The creek is high and fast, with full spanning trees laying right across fast water, and deep fast water plowing right thru willow and bush thickets. Hard to get out in time to carry the boat around the bad spots.


After portaging around the Talent TID dam I am wading down, lining the boat down below me on a rope, when it jams into a willow thicket on the opposite bank. Pulling it back across the current only makes it flip over, and my camera (stored in a plastic peanut butter jar) gets wet. Further down I get swept into a bad spot, hung up on a submerged tree trunk in fast deep water, surrounded by branches of a leaning tree. Can't get loose, can't jump off without fear of getting sucked under a pile of limbs. Not fun. People die like this. I am shaking with a combination of fear and adrenaline when I finally get loose. I finally take out at the baseball park in Medford, and Frances, BCWC coordinator, gives me a ride back to my car. Enough of Bear Creek. I will run the rest of it some other day, when the water is lower and I do not fear for my life.

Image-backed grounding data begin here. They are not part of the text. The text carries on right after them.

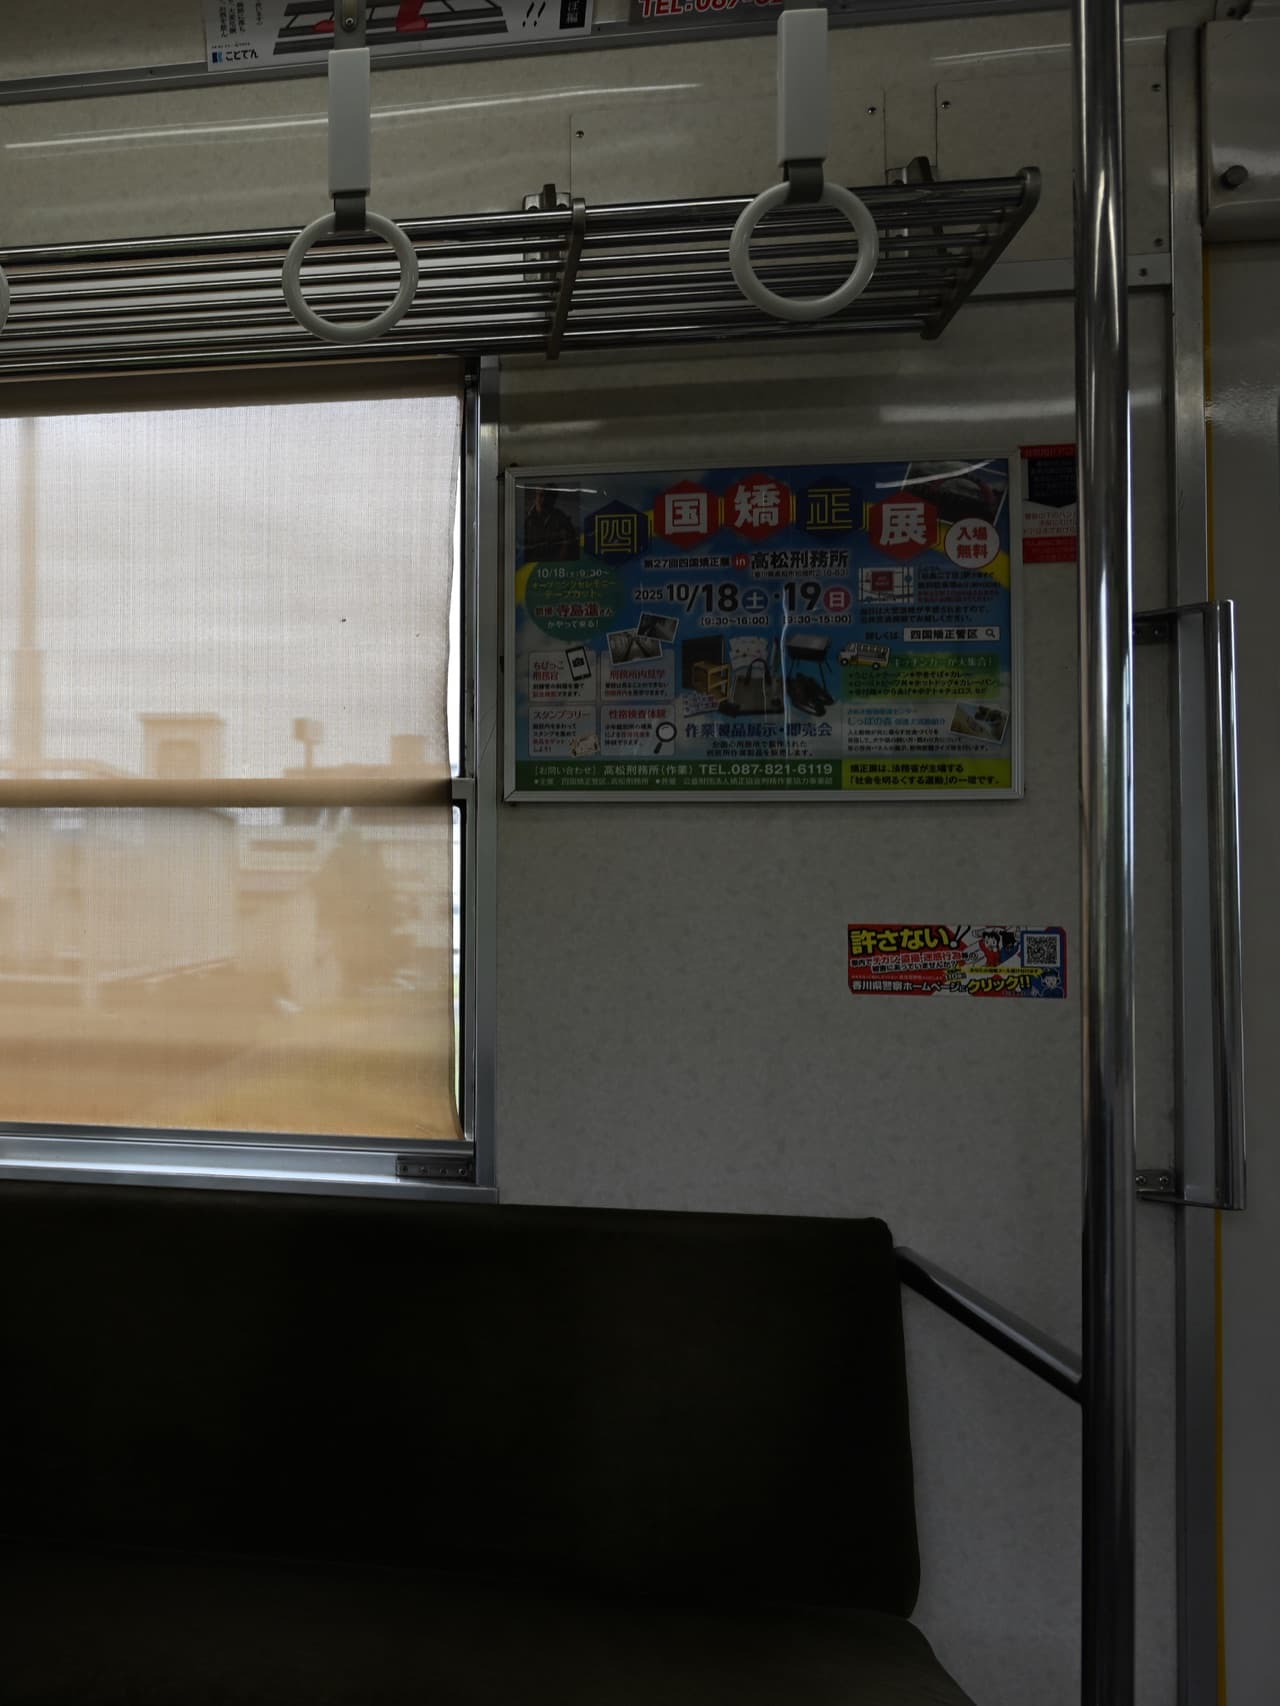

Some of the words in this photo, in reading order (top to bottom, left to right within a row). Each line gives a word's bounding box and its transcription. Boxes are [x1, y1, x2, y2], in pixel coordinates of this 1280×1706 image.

[226, 49, 259, 61] ことでん
[595, 483, 928, 556] 四国矯正展
[736, 557, 746, 568] in
[751, 551, 849, 569] 高松刑務所
[634, 590, 663, 601] 2025
[698, 763, 833, 776] TEL.087-821-6119

I dry the camera out on the heater in my apt and it seems to work OK.

April 16
At 5 AM I move out of my apt in Ashland. A homeless person living in my car once again. I am heading N to Vancouver Island. Have already bought my tickets from Victoria to Toronto, where I will join the Che Guevara Volunteer Work Brigade and then on to Cuba the next day. 2 weeks with the brigade, then another 10 days on my own to torment the wily Cuban bass in my inflatable kayak. Heading N I turn W at Portland out to Seaside and the coast. On the way I want to try Cullaby Lake, another LM lake in the dunes near Astoria. Arrive at Cullaby to a screaming NW wind. Before I launch I talk to a local, who says it is a good LM lake, very shallow and full of perch and crappie, and LMs over 8 lbs. Yesterday there was a bass tournament with a dozen boats (x 2 people per boat x 8 hrs = almost 200 man hours of fishing). They caught a total of 4 bass between all of them, = about 1 bass per 50 hrs of fishing. Not inspiring. I explore the lake and an interesting channel thru the dunes, connected to the lake and full of houses. A good looking lake on a horrid cold windy day. No bites.

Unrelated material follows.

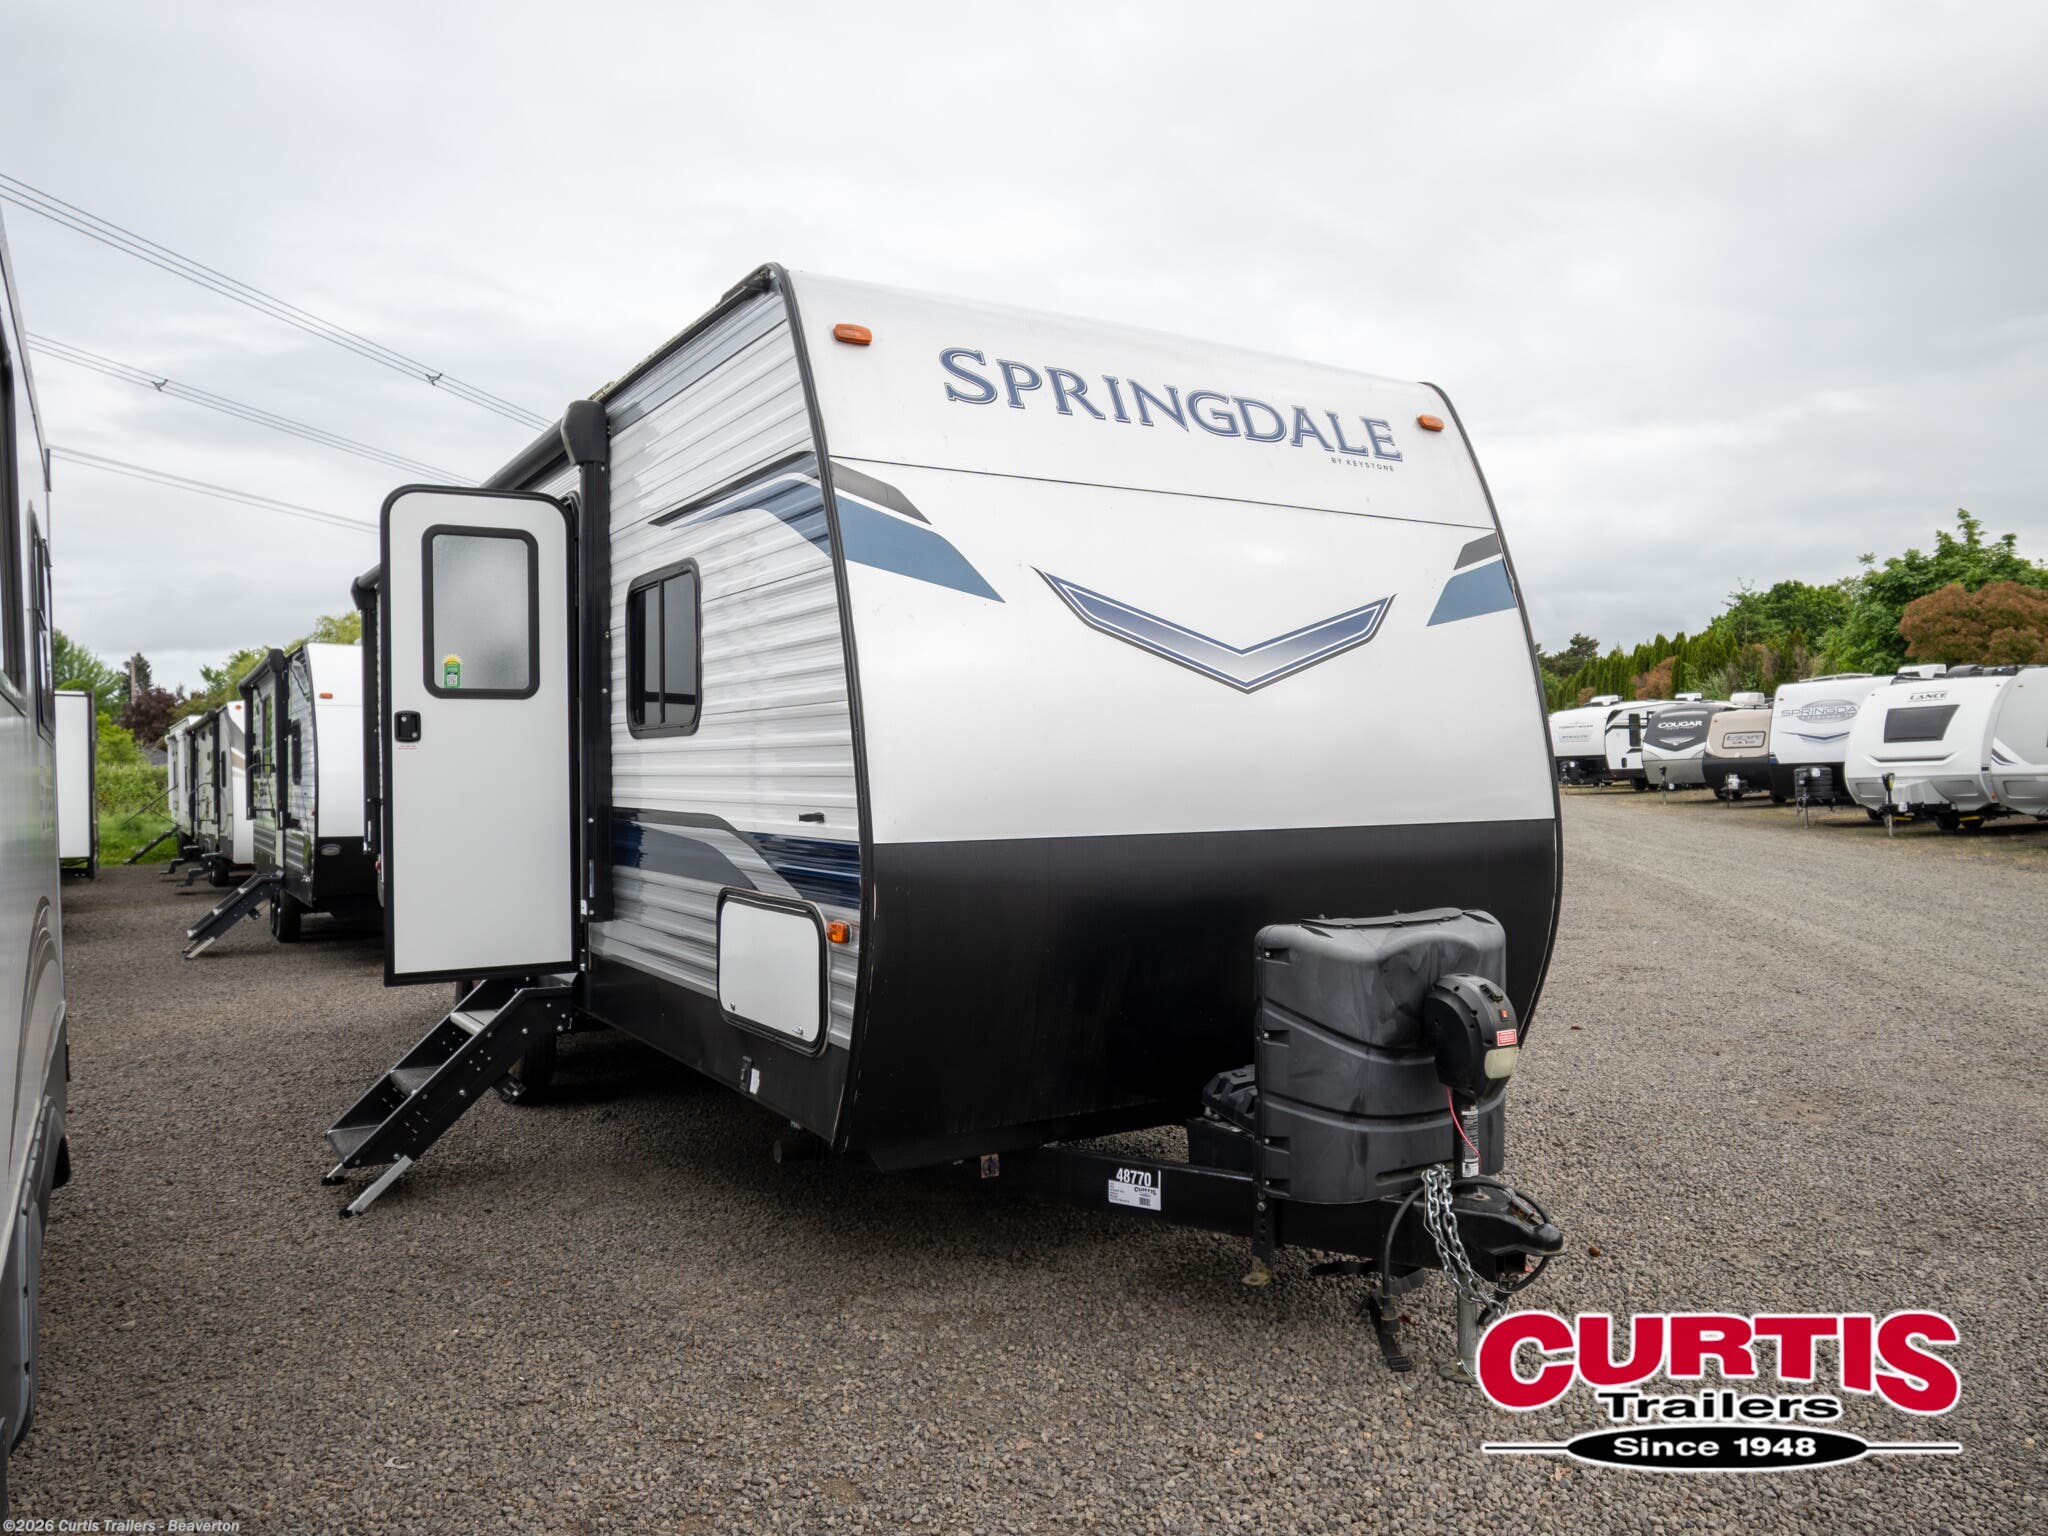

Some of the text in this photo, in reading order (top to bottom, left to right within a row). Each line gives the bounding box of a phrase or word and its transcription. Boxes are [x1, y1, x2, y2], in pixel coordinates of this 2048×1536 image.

That makes 6 lakes fished in Oregon this year, without a single bite from a fish of any kind. Time to blow this military criminal imperialist scene where the bass do not bite for me, and try another country.

April 18

I arrive in Victoria BC on the first ferry from Port Angeles. Spend an hour at Canada Customs where I declare that I am moving back to Canada. Then off to Canadian Tire to buy a fishing license, Tim Hortons to buy a ceremonial coffee & donut, and off to the nearest bass lake. Since I am on my way to Ucluelet on the W coast of the island I decide to try Langford Lake, which is just off the Island Hwy.

In all the dozen or so years I lived in or visited Oregon I caught one 18” SM there. It has been my custom for the past 4 or 5 years that I catch one at least this big within the first hour of hitting the water in Victoria. This cold and stormy spring, on this cold, showery and windy day, will put this tradition to the test. I launch the Bullship (electric motors only here!) and head down the W shore. No bites along the first good spot. Tough holding the boat in position in this wind, and I am killing the battery doing it. Over an hour has passed, my tradition is broken, when I get a bite. First one of the year. I know it was a bite, so I throw the worm back in and catch a small bass, about 1 ½ lbs. First bass of 2011. But my camera, which got dunked in Bear Creek, is toast. No pic of the first bass of Basstravaganza 2011.

After I wear out the trolling motor battery the weather improves, and I paddle over to the first island. I have to fish all around it before I get bit on the S side. A beauty 18.5” Langford Lake toad. But again, no camera. Mission Accomplished, I head back to the ramp, load the boat on the trailer, and take off for Ucluelet without making another cast.

In Ukee I visit with friends, get a Canadian bank account and mailing address, and watch the Vancouver Canucks Stanley Cup playoff game. The Canucks – far and away the best team in the regular season - are ahead 3 games to none, and tied with Chicago 1-1 after the first period, when I go outside to call a friend in Victoria. By the time I get back to the game it is 3-1 Chicago, then 4-1, 5-1, 6-1, 7-1... What has happened to the mighty Canucks?

April 20
After a nice day of weather in Ukee (no rain!) I am hoping for good weather on the return trip, but April 20 dawns cloudy & cold. I buy a cheap camera in Port Alberni, and head over to Spider Lake.



Just as I get there a cold rain begins to fall. I set up the pontoon (no motors at all allowed here) and head out.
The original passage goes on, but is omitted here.